Over the past 11 months, contributed to deep learning and backend engineering across repositories such as kvcache-ai/sglang and yhyang201/sglang, focusing on GPU-accelerated model optimization and reliability. Delivered features like FP8 kernel enhancements, fused RMS normalization, and AMD-specific attention backends, using Python, PyTorch, and CUDA to improve inference throughput and hardware compatibility. Addressed performance bottlenecks and fixed critical bugs in attention mechanisms and CI pipelines, often collaborating with AMD engineers. Emphasized robust testing, code refactoring, and dependency management to ensure scalable deployments. Work demonstrated depth in kernel development, quantization, and continuous integration for large-scale machine learning systems.
May 2026 performance and feature summary for yhyang201/sglang. Focused on delivering GPU-accelerated diffusion model optimizations on AMD hardware, expanding capabilities, and improving test coverage to ensure stability across configurations.
May 2026 performance and feature summary for yhyang201/sglang. Focused on delivering GPU-accelerated diffusion model optimizations on AMD hardware, expanding capabilities, and improving test coverage to ensure stability across configurations.
April 2026 monthly summary: Delivered a key feature by integrating Aiter rotary embedding for Wan2.2, replacing the Triton rotary embedding to improve denoising and GPU tensor performance for large-scale multimodal data. Fixed critical CI reliability issues, extending the 2-GPU diffusion server test timeout to reduce flaky failures and added OpenTelemetry tracing to dependencies to resolve a runtime error. These changes improved model performance, accelerated iteration cycles, and strengthened release reliability across repositories. Technologies demonstrated include GPU-accelerated embeddings, CI stability hardening, and observability tooling for distributed systems.
April 2026 monthly summary: Delivered a key feature by integrating Aiter rotary embedding for Wan2.2, replacing the Triton rotary embedding to improve denoising and GPU tensor performance for large-scale multimodal data. Fixed critical CI reliability issues, extending the 2-GPU diffusion server test timeout to reduce flaky failures and added OpenTelemetry tracing to dependencies to resolve a runtime error. These changes improved model performance, accelerated iteration cycles, and strengthened release reliability across repositories. Technologies demonstrated include GPU-accelerated embeddings, CI stability hardening, and observability tooling for distributed systems.

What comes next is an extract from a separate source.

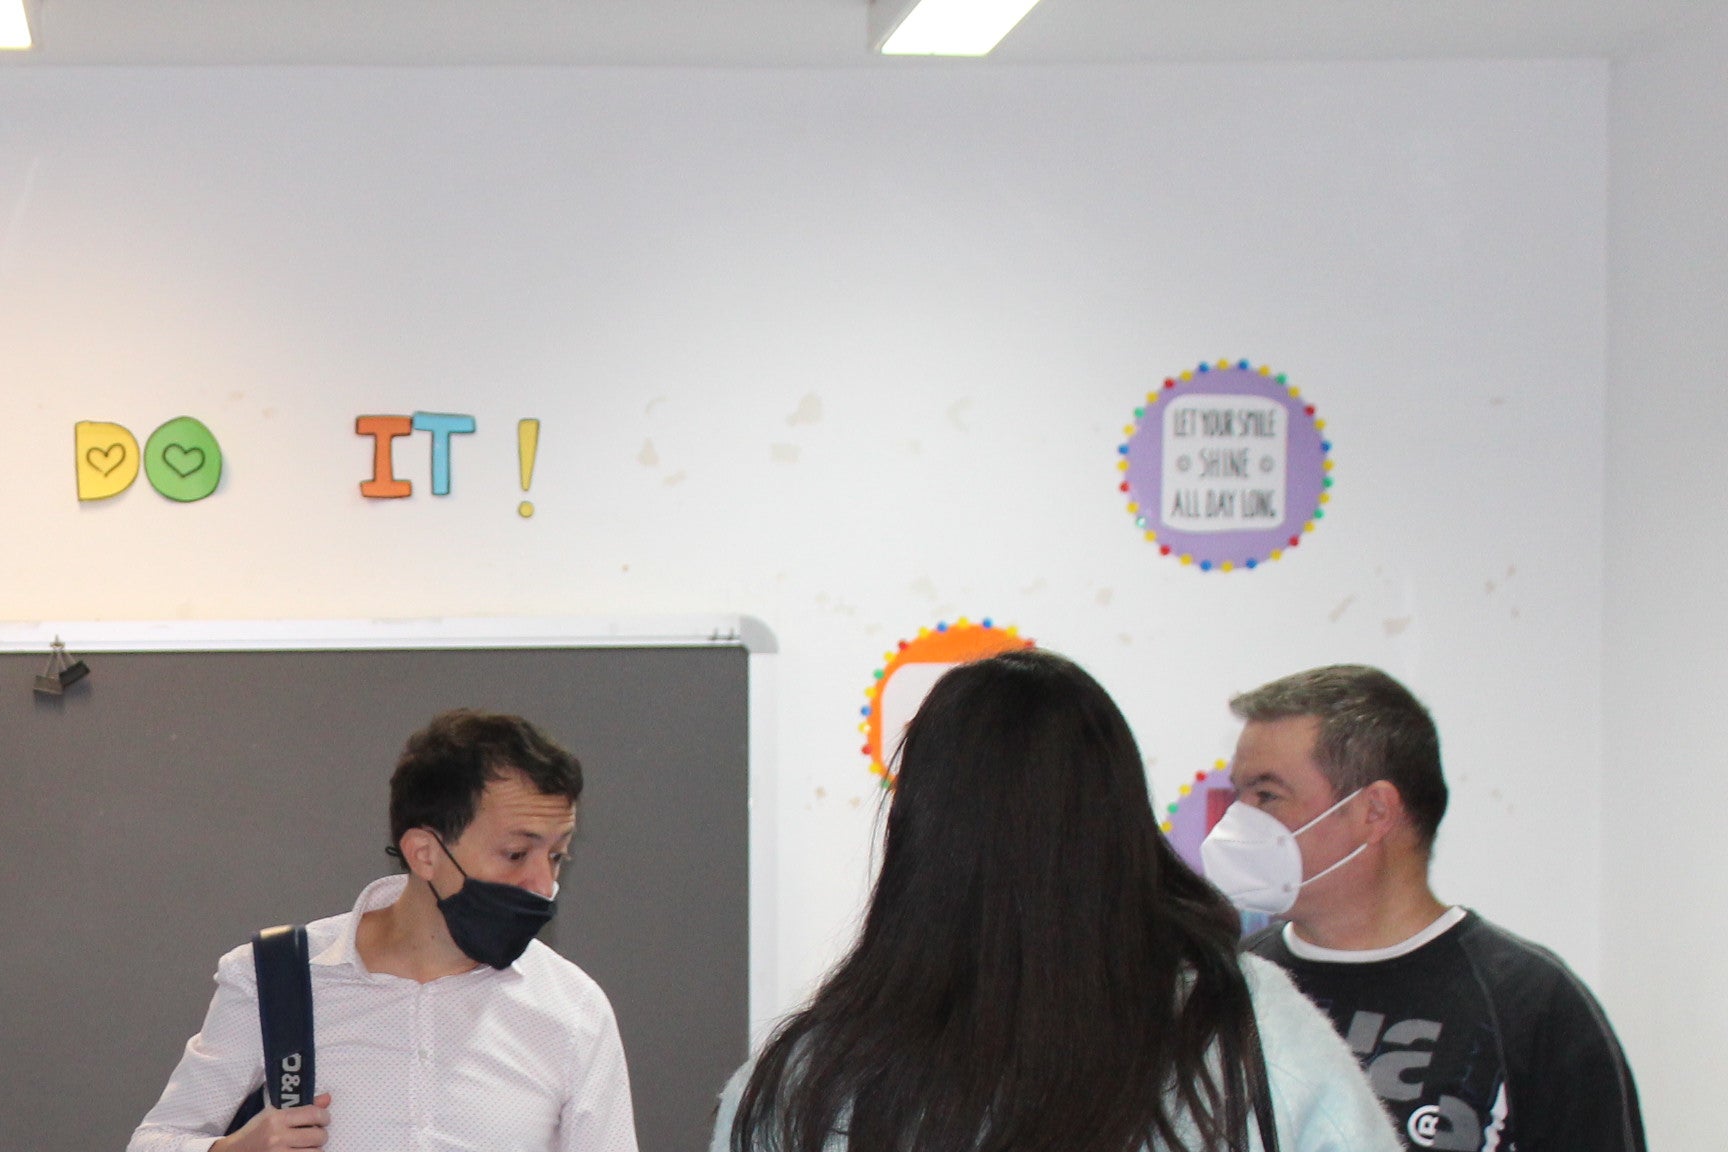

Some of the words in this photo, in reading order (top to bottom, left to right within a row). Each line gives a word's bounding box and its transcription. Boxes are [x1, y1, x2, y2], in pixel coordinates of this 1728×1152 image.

March 2026 monthly highlights across yhyang201/sglang and ping1jing2/sglang. Delivered hardware-focused evaluation tooling, performance enhancements, and compatibility updates that improve measurement fidelity, runtime efficiency, and AMD deployment readiness. Key outcomes include a GPU-accelerated evaluation suite for Qwen3-Coder-Next, robustness fixes for FP8 inference, kernel-level performance improvements, and transformer/PEFT compatibility updates.

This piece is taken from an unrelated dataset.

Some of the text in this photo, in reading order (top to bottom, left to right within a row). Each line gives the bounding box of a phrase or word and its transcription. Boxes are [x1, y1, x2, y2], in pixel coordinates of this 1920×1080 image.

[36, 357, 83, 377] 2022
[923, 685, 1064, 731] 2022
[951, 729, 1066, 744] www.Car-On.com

March 2026 monthly highlights across yhyang201/sglang and ping1jing2/sglang. Delivered hardware-focused evaluation tooling, performance enhancements, and compatibility updates that improve measurement fidelity, runtime efficiency, and AMD deployment readiness. Key outcomes include a GPU-accelerated evaluation suite for Qwen3-Coder-Next, robustness fixes for FP8 inference, kernel-level performance improvements, and transformer/PEFT compatibility updates.

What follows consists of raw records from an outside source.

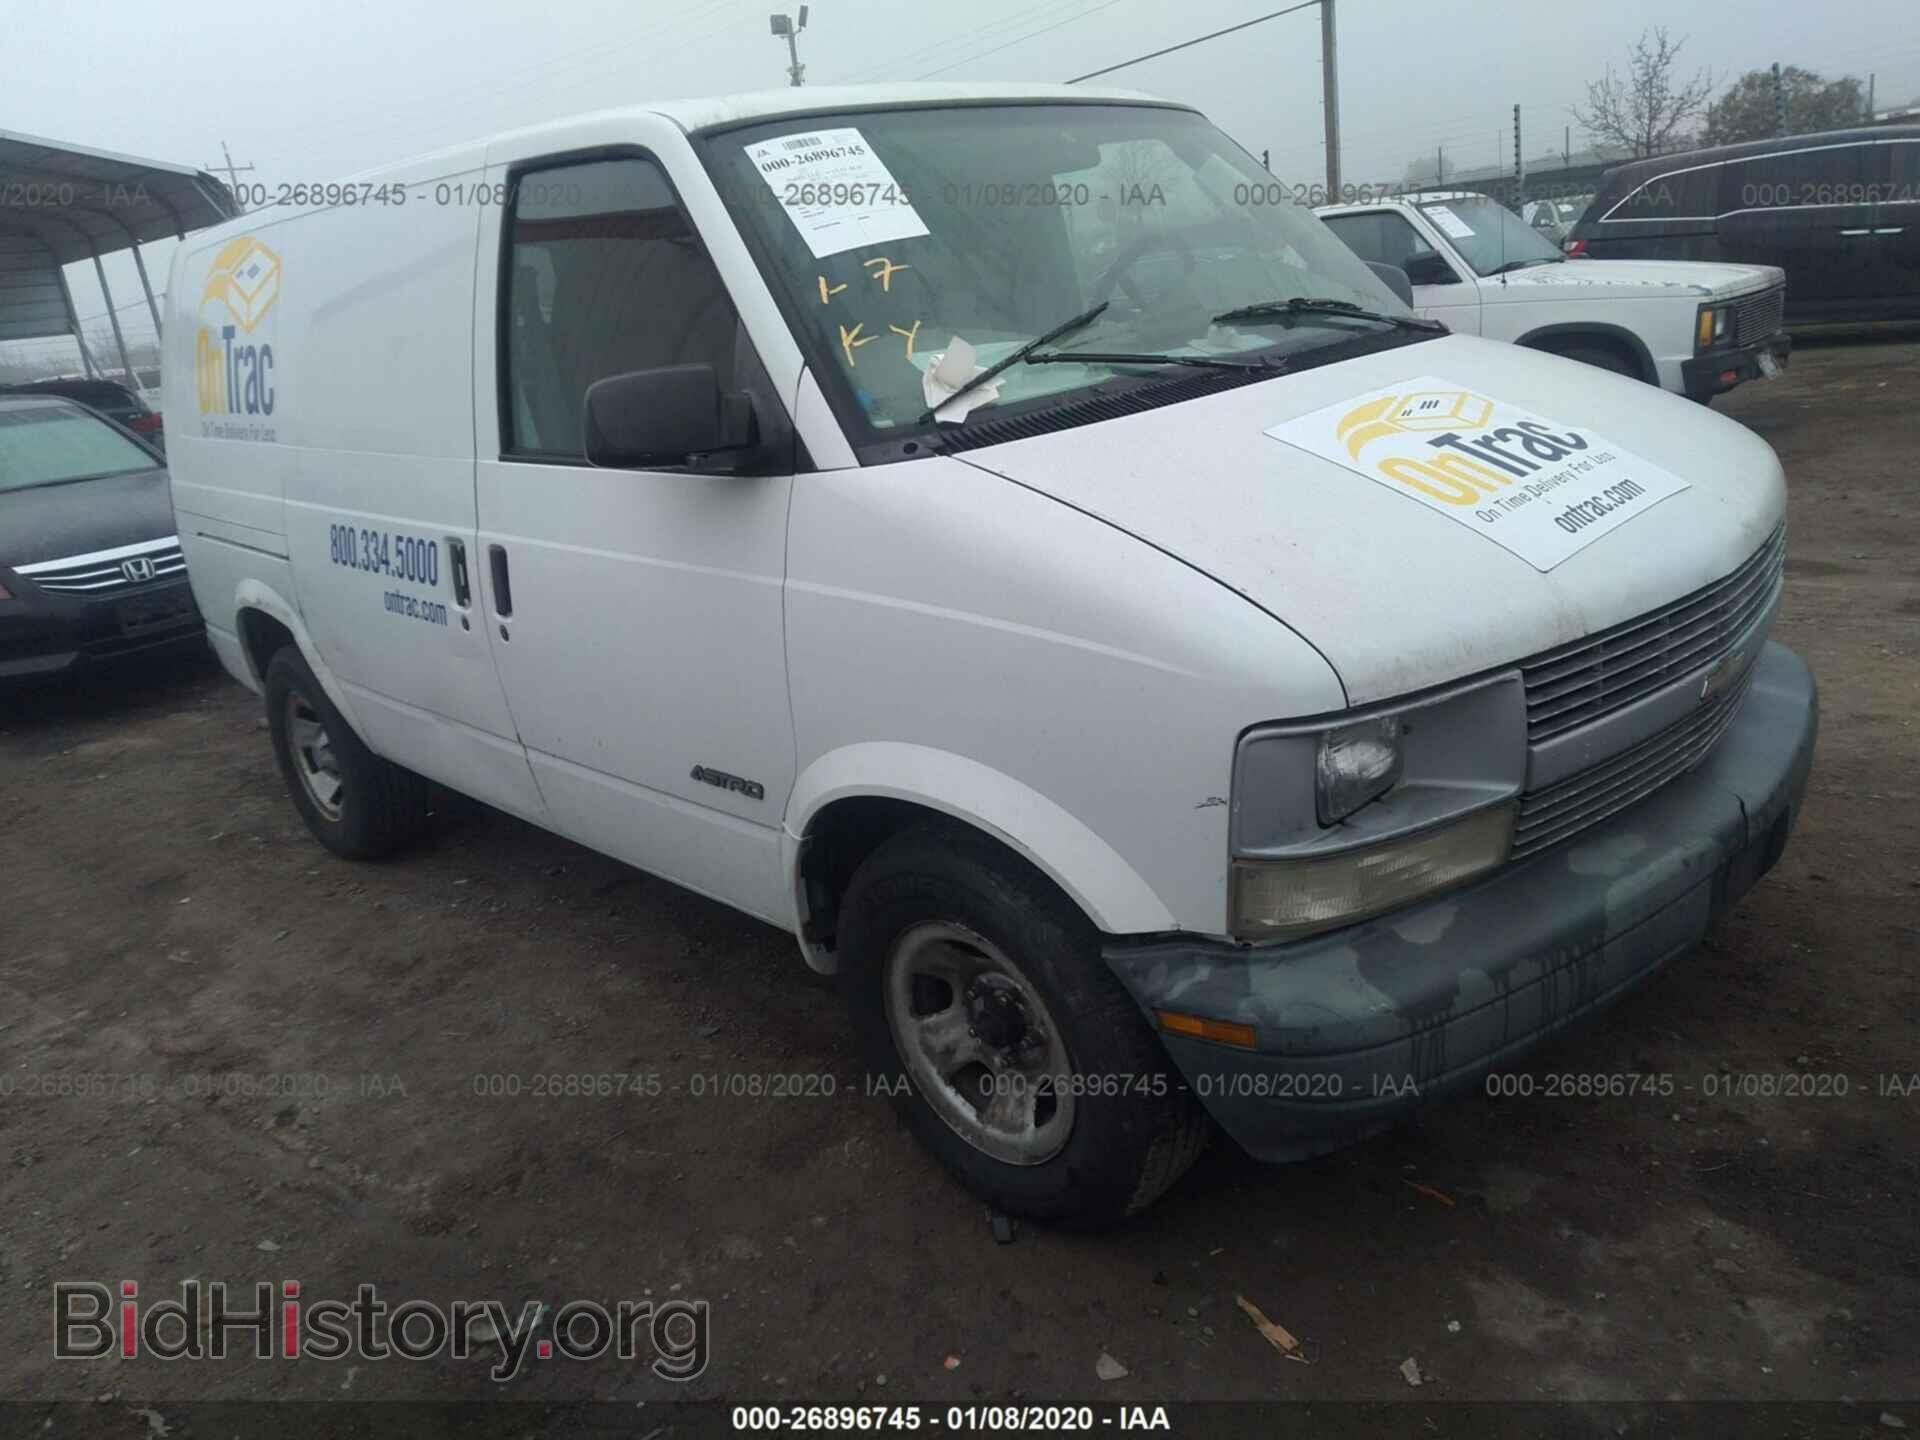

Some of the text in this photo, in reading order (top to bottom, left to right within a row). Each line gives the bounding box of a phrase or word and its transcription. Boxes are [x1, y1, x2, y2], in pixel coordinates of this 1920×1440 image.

[761, 145, 865, 174] 000-26896745
[195, 325, 275, 416] OnTrac
[1377, 421, 1589, 506] OnTrac
[1475, 451, 1617, 523] On Time Delivery For Less
[1554, 478, 1646, 534] ontrac.com
[330, 523, 438, 587] 800.334.5000
[384, 590, 448, 627] ontrac.com

February 2026 monthly summary for kvcache-ai/sglang: Delivered cross-platform AMD capabilities and reliability improvements in the attention path. Implemented Qwen3-Coder-Next support on AMD with enhanced masking and multi-configuration handling. Fixed critical attention accuracy issues for --enable-dp-attention in AiterAttnBackend by adjusting conditional logic across head counts and data types. These changes broaden platform compatibility, improve model reliability, and demonstrate effective cross-team collaboration and rigorous code quality.
February 2026 monthly summary for kvcache-ai/sglang: Delivered cross-platform AMD capabilities and reliability improvements in the attention path. Implemented Qwen3-Coder-Next support on AMD with enhanced masking and multi-configuration handling. Fixed critical attention accuracy issues for --enable-dp-attention in AiterAttnBackend by adjusting conditional logic across head counts and data types. These changes broaden platform compatibility, improve model reliability, and demonstrate effective cross-team collaboration and rigorous code quality.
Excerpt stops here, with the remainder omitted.